What is expected → An exact copy of the data is required; the images should not appear in it.

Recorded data
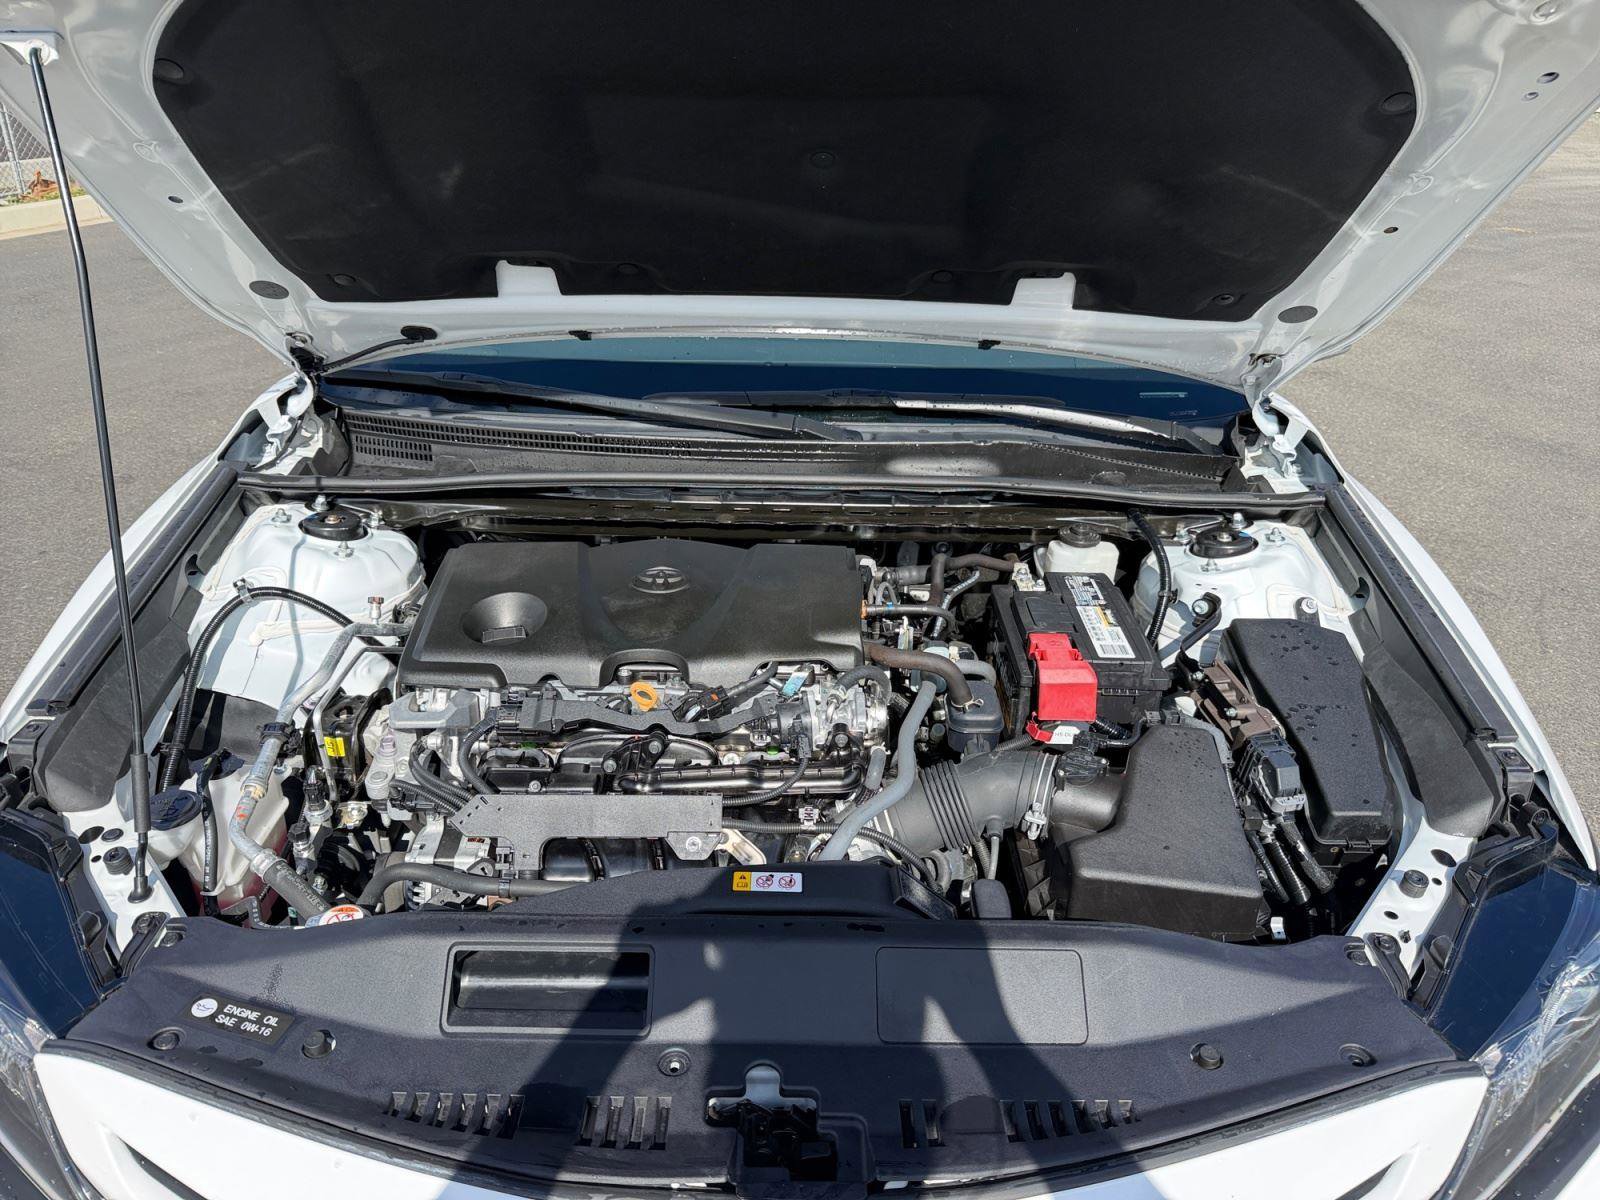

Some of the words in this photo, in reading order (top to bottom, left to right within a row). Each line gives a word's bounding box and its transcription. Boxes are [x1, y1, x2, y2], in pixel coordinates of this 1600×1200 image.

[215, 1015, 238, 1026] SAE
[240, 1021, 272, 1036] 0W-16
[224, 1004, 260, 1020] ENGINE
[263, 1015, 279, 1026] OIL
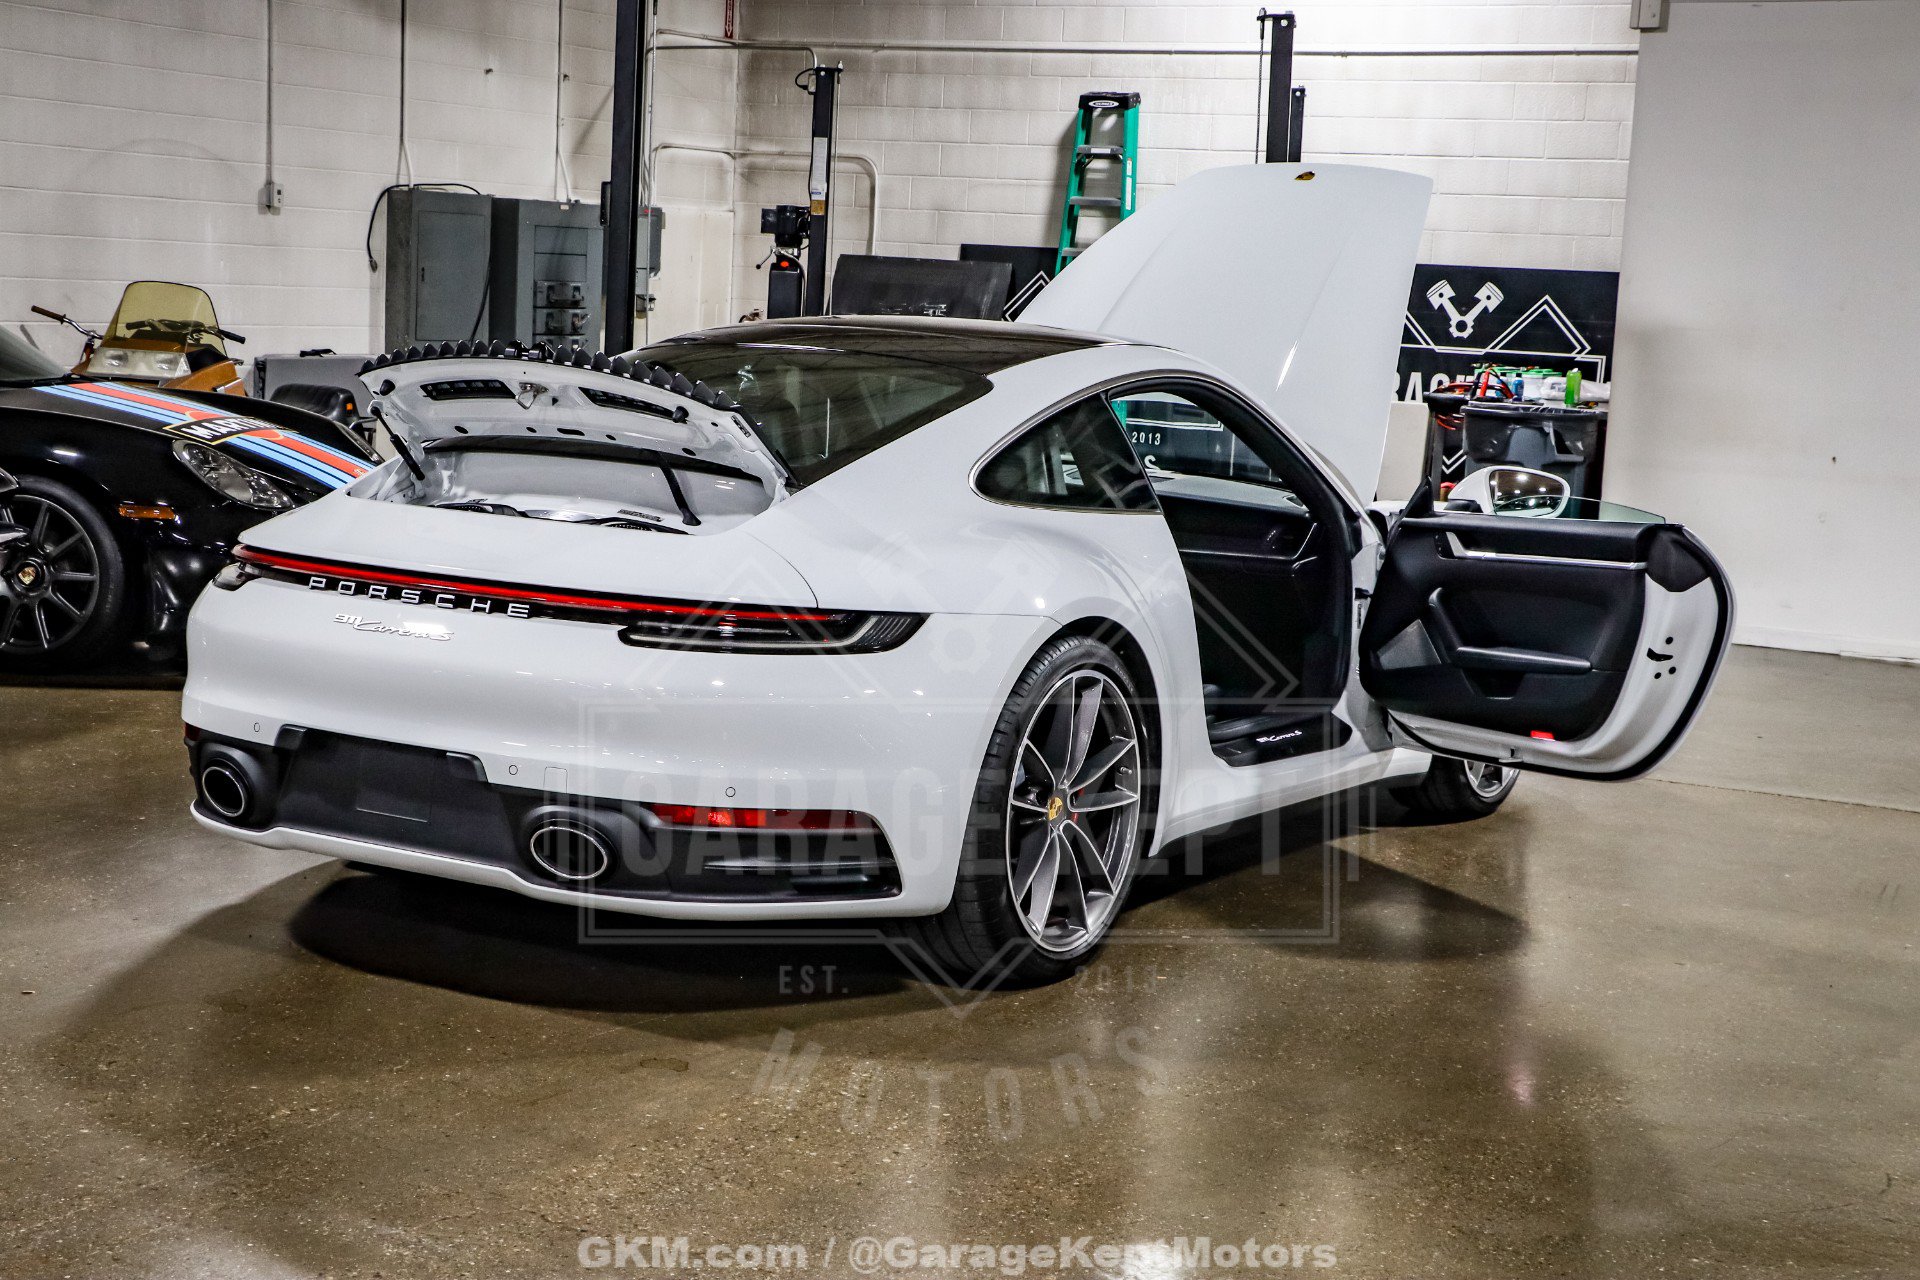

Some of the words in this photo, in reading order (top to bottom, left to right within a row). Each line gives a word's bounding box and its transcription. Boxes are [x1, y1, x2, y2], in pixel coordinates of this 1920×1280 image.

[180, 417, 276, 440] MART
[1131, 431, 1161, 446] 2013
[308, 576, 531, 619] PORSCHE
[333, 612, 363, 625] 911
[352, 620, 430, 639] Carrera

Solution to this exercise →
Some of the words in this photo, in reading order (top to bottom, left to right within a row). Each line gives a word's bounding box and its transcription. Boxes are [x1, y1, x2, y2], in pixel coordinates of this 1600×1200 image.

[215, 1015, 238, 1026] SAE
[240, 1021, 272, 1036] 0W-16
[224, 1004, 260, 1020] ENGINE
[263, 1015, 279, 1026] OIL

Some of the words in this photo, in reading order (top to bottom, left to right within a row). Each line gives a word's bounding box and its transcription. Boxes are [x1, y1, x2, y2], in pixel coordinates of this 1920×1280 image.

[180, 417, 276, 440] MART
[1131, 431, 1161, 446] 2013
[308, 576, 531, 619] PORSCHE
[333, 612, 363, 625] 911
[352, 620, 430, 639] Carrera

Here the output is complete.